Q&A 15 How do you train a gradient boosting model using XGBoost?

15.1 Explanation

Gradient Boosting builds models sequentially, where each new model corrects the errors of the previous ones. XGBoost is an optimized and scalable implementation of gradient boosting that supports regularization, handling of missing values, and parallel computation.

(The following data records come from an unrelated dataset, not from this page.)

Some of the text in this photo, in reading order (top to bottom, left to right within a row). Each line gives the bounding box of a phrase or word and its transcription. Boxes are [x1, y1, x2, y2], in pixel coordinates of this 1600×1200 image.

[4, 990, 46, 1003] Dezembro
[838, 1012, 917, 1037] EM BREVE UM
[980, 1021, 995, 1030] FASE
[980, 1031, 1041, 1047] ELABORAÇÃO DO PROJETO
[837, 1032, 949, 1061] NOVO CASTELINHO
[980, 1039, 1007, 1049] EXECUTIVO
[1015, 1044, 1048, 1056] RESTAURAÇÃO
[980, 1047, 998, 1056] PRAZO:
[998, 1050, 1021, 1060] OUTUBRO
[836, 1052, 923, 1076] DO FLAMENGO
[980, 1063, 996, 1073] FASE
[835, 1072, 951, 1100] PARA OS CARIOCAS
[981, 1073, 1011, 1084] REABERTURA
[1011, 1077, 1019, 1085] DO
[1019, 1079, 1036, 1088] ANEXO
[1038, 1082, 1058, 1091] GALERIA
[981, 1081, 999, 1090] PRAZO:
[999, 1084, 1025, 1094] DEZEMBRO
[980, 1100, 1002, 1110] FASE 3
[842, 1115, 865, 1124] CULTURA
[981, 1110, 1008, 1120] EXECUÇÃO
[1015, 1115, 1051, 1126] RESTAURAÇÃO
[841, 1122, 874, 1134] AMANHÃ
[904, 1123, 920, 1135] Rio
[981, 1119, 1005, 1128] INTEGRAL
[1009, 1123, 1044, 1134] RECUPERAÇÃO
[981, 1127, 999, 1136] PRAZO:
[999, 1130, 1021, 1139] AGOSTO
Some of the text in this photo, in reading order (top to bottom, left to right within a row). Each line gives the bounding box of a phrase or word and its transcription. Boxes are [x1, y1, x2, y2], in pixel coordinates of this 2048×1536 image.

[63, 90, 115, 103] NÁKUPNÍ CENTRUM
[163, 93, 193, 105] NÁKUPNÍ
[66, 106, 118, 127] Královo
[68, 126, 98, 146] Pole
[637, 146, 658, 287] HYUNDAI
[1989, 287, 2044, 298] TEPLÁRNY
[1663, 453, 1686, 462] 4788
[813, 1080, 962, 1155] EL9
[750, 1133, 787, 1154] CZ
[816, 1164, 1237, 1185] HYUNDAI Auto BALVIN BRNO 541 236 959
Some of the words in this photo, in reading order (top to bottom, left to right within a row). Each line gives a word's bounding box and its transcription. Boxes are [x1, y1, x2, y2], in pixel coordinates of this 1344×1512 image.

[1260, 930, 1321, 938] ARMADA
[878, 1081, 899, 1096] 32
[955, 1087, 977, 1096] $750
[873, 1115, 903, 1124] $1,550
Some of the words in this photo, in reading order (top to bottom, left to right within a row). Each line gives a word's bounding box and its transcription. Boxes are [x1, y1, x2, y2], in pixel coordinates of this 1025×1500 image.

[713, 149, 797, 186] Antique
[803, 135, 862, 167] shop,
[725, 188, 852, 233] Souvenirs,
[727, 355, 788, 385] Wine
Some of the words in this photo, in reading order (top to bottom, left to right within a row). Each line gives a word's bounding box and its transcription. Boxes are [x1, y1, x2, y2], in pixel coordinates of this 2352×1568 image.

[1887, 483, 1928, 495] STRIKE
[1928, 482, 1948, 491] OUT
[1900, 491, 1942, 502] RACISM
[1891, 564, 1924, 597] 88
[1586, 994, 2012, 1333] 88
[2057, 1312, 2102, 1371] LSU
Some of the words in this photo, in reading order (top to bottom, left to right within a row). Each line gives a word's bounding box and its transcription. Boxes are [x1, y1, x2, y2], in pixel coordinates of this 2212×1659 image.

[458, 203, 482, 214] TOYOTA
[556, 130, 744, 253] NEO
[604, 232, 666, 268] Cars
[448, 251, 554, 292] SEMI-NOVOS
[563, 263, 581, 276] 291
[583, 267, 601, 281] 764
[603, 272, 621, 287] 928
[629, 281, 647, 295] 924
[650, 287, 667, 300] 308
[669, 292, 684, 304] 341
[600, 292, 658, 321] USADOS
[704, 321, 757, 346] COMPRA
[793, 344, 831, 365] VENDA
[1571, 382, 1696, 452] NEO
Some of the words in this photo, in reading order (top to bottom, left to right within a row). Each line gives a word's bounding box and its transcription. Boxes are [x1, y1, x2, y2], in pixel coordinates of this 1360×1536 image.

It’s a go-to choice when you need both accuracy and performance.


15.2 Python Code

# Train an XGBoost model in Python
import pandas as pd
from sklearn.model_selection import train_test_split
from sklearn.metrics import accuracy_score
from xgboost import XGBClassifier

# Load and preprocess
df = pd.read_csv("data/titanic.csv")
df['Age'] = df['Age'].fillna(df['Age'].median())
df['Embarked'] = df['Embarked'].fillna(df['Embarked'].mode()[0])
df['Sex'] = df['Sex'].map({'male': 0, 'female': 1})
df = pd.get_dummies(df, columns=['Embarked'], drop_first=True)

# Features and target
X = df[['Pclass', 'Sex', 'Age', 'Fare', 'Embarked_Q', 'Embarked_S']]
y = df['Survived']

# Split
X_train, X_test, y_train, y_test = train_test_split(X, y, test_size=0.2, random_state=42)

# Train XGBoost model
xgb_model = XGBClassifier(use_label_encoder=False, eval_metric='logloss', random_state=42)
xgb_model.fit(X_train, y_train)

# Predict and evaluate
y_pred = xgb_model.predict(X_test)
print("Accuracy:", accuracy_score(y_test, y_pred))
Accuracy: 0.8100558659217877

15.3 R Code

# Train an XGBoost model in R
library(readr)
library(dplyr)
library(fastDummies)
library(caret)
library(xgboost)

# Load and preprocess
df <- read_csv("data/titanic.csv")
df$Age[is.na(df$Age)] <- median(df$Age, na.rm = TRUE)
mode_embarked <- names(sort(table(df$Embarked), decreasing = TRUE))[1]
df$Embarked[is.na(df$Embarked)] <- mode_embarked
df$Sex <- ifelse(df$Sex == "male", 0, 1)
df <- fastDummies::dummy_cols(df, select_columns = "Embarked", remove_first_dummy = TRUE, remove_selected_columns = TRUE)

# Prepare data
features <- df %>% select(Pclass, Sex, Age, Fare, Embarked_Q, Embarked_S)
target <- df$Survived
set.seed(42)
split_index <- createDataPartition(target, p = 0.8, list = FALSE)
X_train <- as.matrix(features[split_index, ])
X_test <- as.matrix(features[-split_index, ])
y_train <- target[split_index]
y_test <- target[-split_index]

# Train model
xgb_model <- xgboost(data = X_train, label = y_train, objective = "binary:logistic", nrounds = 100, verbose = 0)

# Predict and evaluate
y_pred <- predict(xgb_model, X_test)
y_pred_class <- ifelse(y_pred > 0.5, 1, 0)
confusionMatrix(as.factor(y_pred_class), as.factor(y_test))
Confusion Matrix and Statistics

          Reference
Prediction   0   1
         0 100  15
         1  14  49
                                          
               Accuracy : 0.8371          
                 95% CI : (0.7745, 0.8881)
    No Information Rate : 0.6404          
    P-Value [Acc > NIR] : 5.365e-09       
                                          
                  Kappa : 0.645           
                                          
 Mcnemar's Test P-Value : 1               
                                          
            Sensitivity : 0.8772          
            Specificity : 0.7656          
         Pos Pred Value : 0.8696          
         Neg Pred Value : 0.7778          
             Prevalence : 0.6404          
         Detection Rate : 0.5618          
   Detection Prevalence : 0.6461          
      Balanced Accuracy : 0.8214          
                                          
       'Positive' Class : 0               
                                          

. ✅ Takeaway: XGBoost delivers state-of-the-art performance for classification and regression tasks. It’s highly tunable and robust to noisy data, making it a top performer in ML competitions and real-world deployments.